Task description :: Copy each line below as it stands, but skip any picture it contains.
[Stored data Boundary: Start]
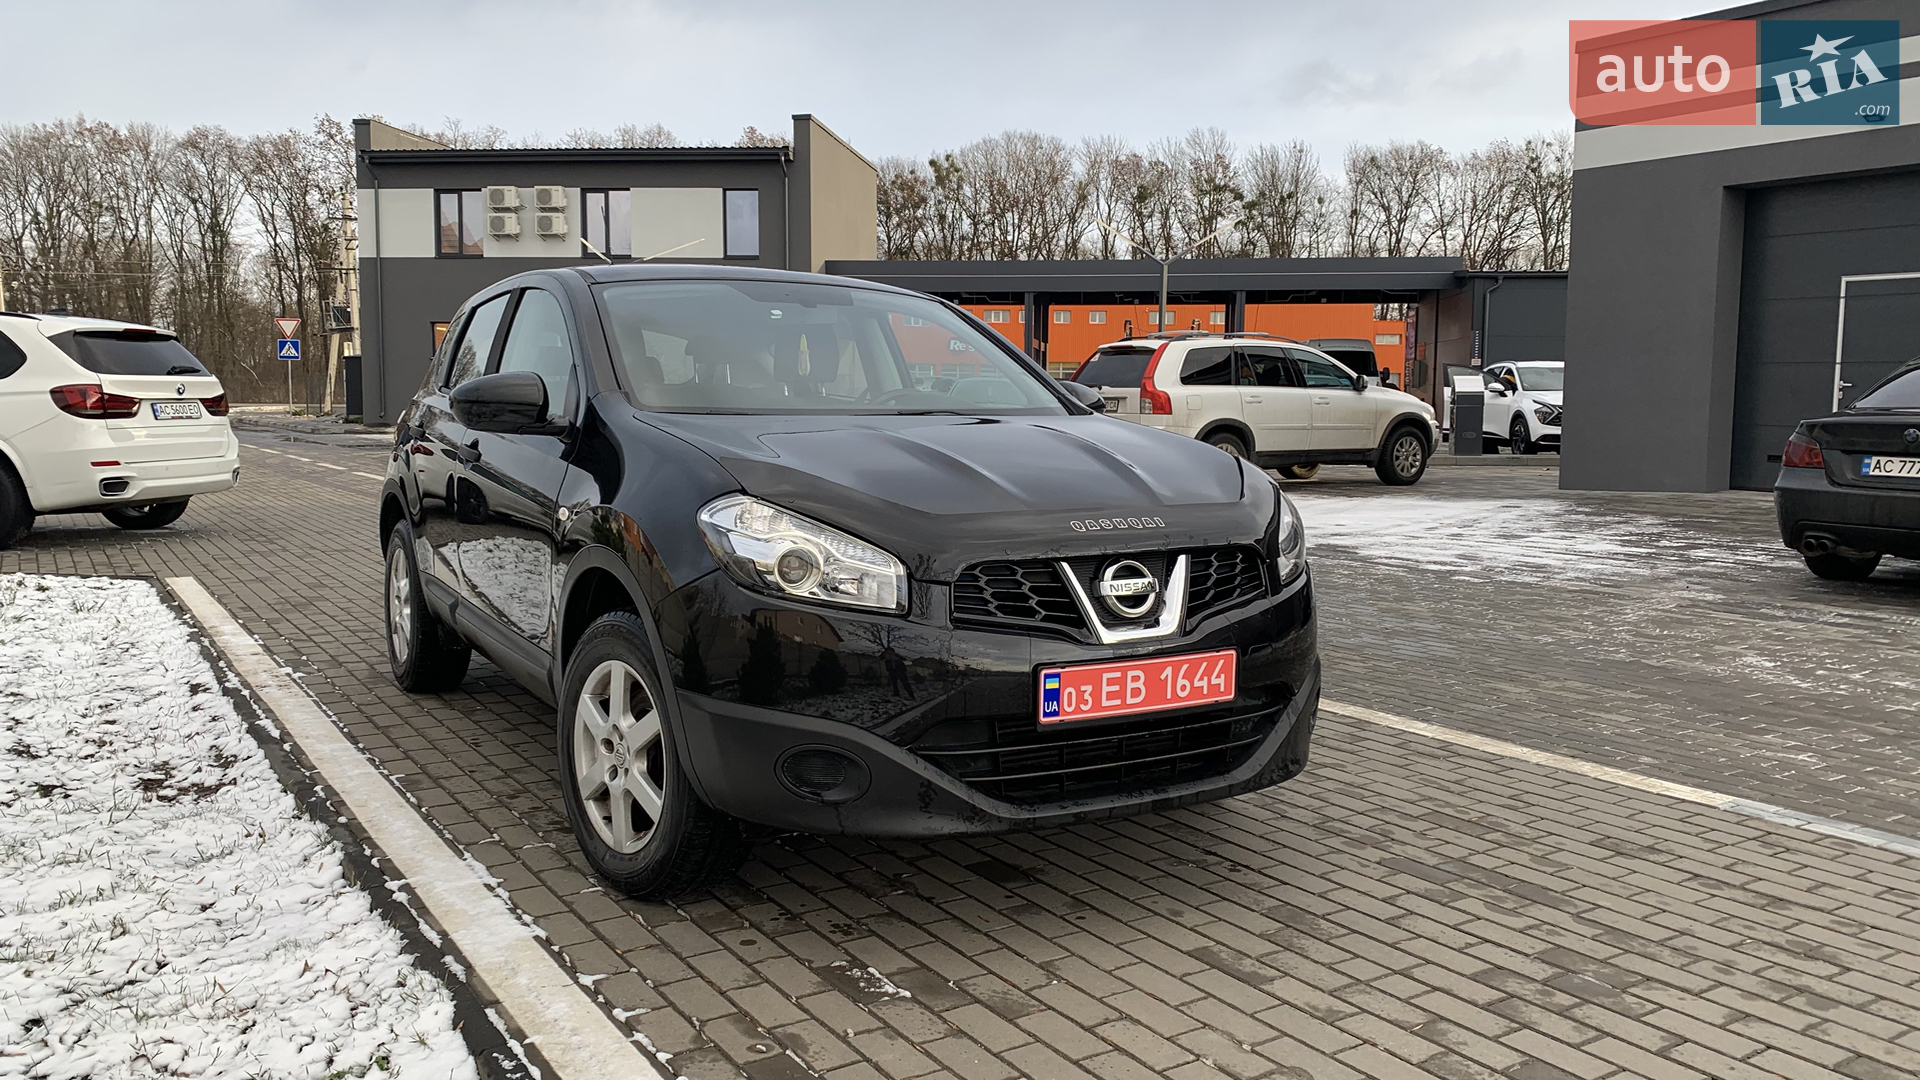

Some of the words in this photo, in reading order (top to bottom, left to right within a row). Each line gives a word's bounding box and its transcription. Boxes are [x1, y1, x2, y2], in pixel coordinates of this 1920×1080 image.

[160, 405, 170, 415] AC
[170, 404, 188, 414] 5600
[1872, 459, 1894, 473] AC
[1070, 516, 1166, 532] QASHQAI
[1109, 578, 1156, 593] NISSAN
[1044, 701, 1059, 713] UA
[1063, 684, 1093, 713] 03
[1101, 669, 1146, 707] EB
[1159, 659, 1226, 700] 1644
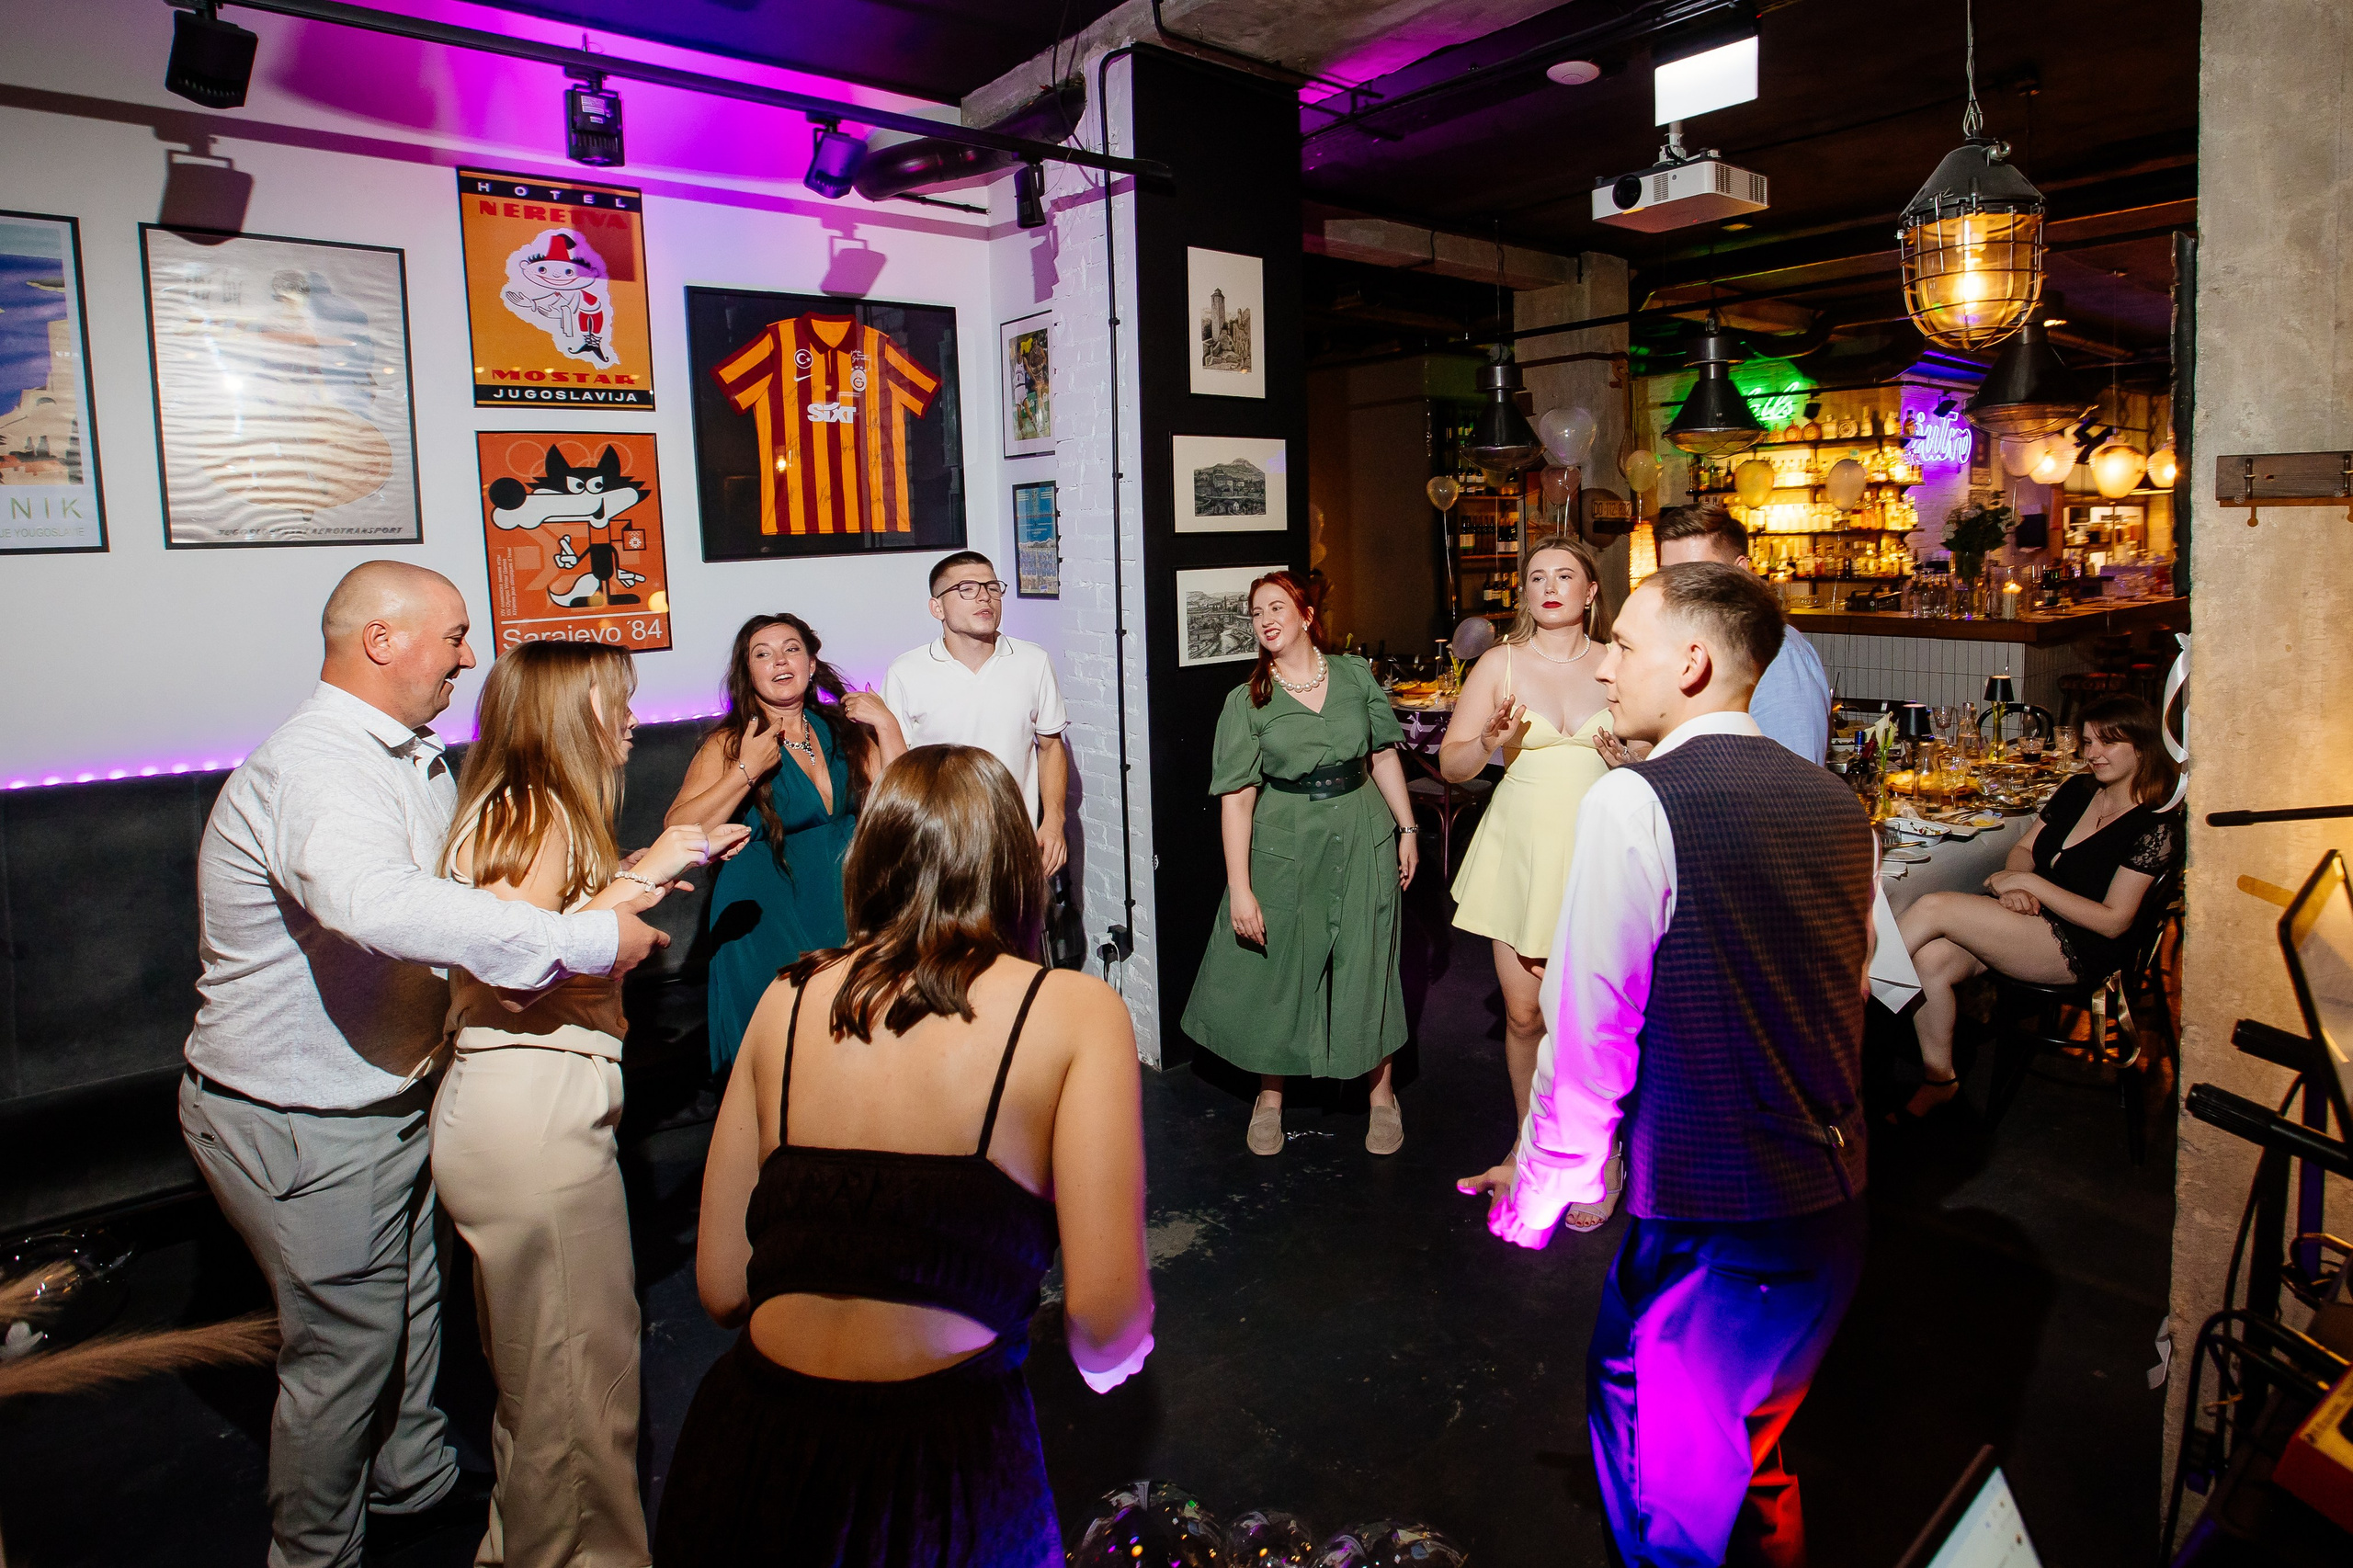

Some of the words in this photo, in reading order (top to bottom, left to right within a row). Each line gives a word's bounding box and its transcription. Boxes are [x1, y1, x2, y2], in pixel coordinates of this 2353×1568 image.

[477, 181, 628, 209] HOTEL
[479, 200, 629, 230] NERETVA
[492, 369, 636, 386] MOSTAR
[493, 387, 638, 403] JUGOSLAVIJA
[15, 527, 85, 538] YOUGOSLAE
[312, 527, 403, 535] AEROTRANSPORT
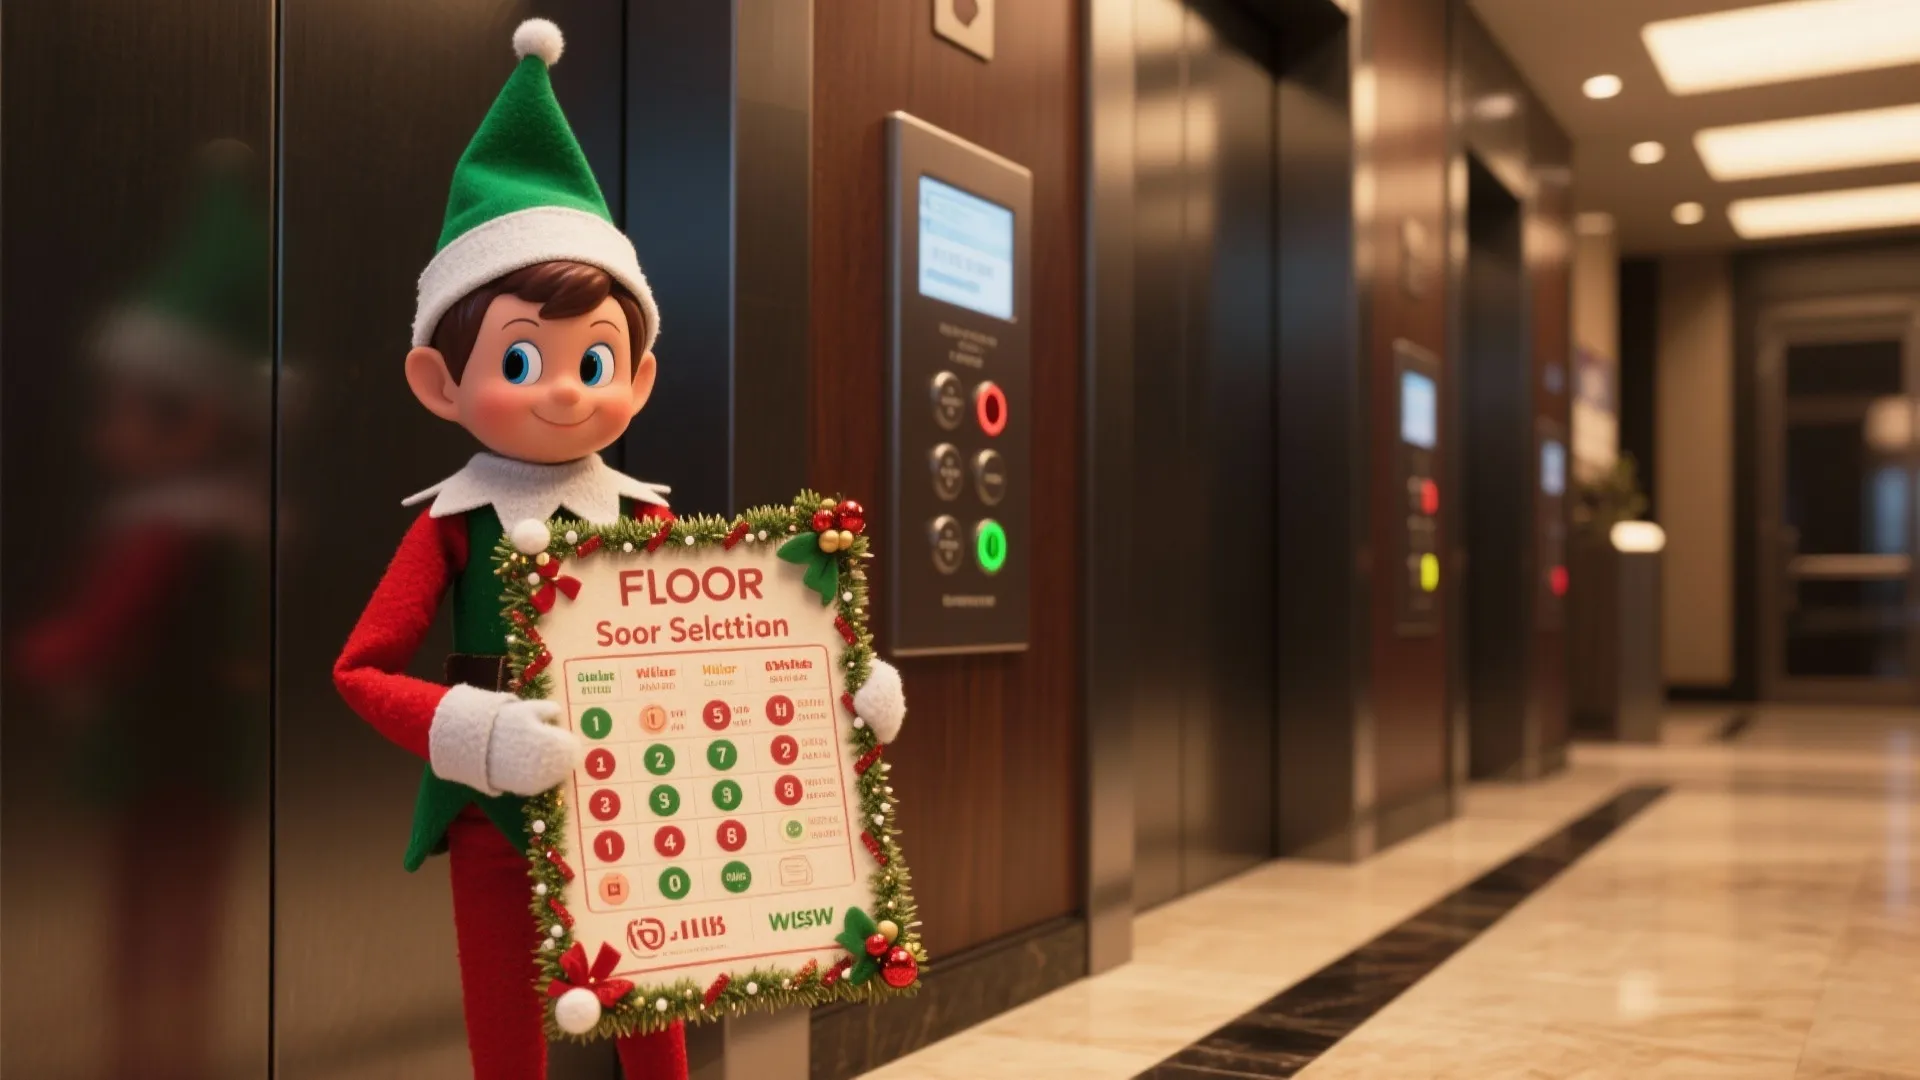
[Stored data Boundary: End]
Solution ::
Some of the words in this photo, in reading order (top to bottom, left to right within a row). Each line gives a word's bounding box and its transcription. Boxes are [x1, y1, x2, y2], in pixel coordinates of this 1920×1080 image.

[160, 405, 170, 415] AC
[170, 404, 188, 414] 5600
[1872, 459, 1894, 473] AC
[1070, 516, 1166, 532] QASHQAI
[1109, 578, 1156, 593] NISSAN
[1044, 701, 1059, 713] UA
[1063, 684, 1093, 713] 03
[1101, 669, 1146, 707] EB
[1159, 659, 1226, 700] 1644

Some of the words in this photo, in reading order (top to bottom, left to right within a row). Each line gives a word's bounding box and its transcription. Boxes are [x1, y1, x2, y2], in pixel coordinates of this 2353×1568 image.

[477, 181, 628, 209] HOTEL
[479, 200, 629, 230] NERETVA
[492, 369, 636, 386] MOSTAR
[493, 387, 638, 403] JUGOSLAVIJA
[15, 527, 85, 538] YOUGOSLAE
[312, 527, 403, 535] AEROTRANSPORT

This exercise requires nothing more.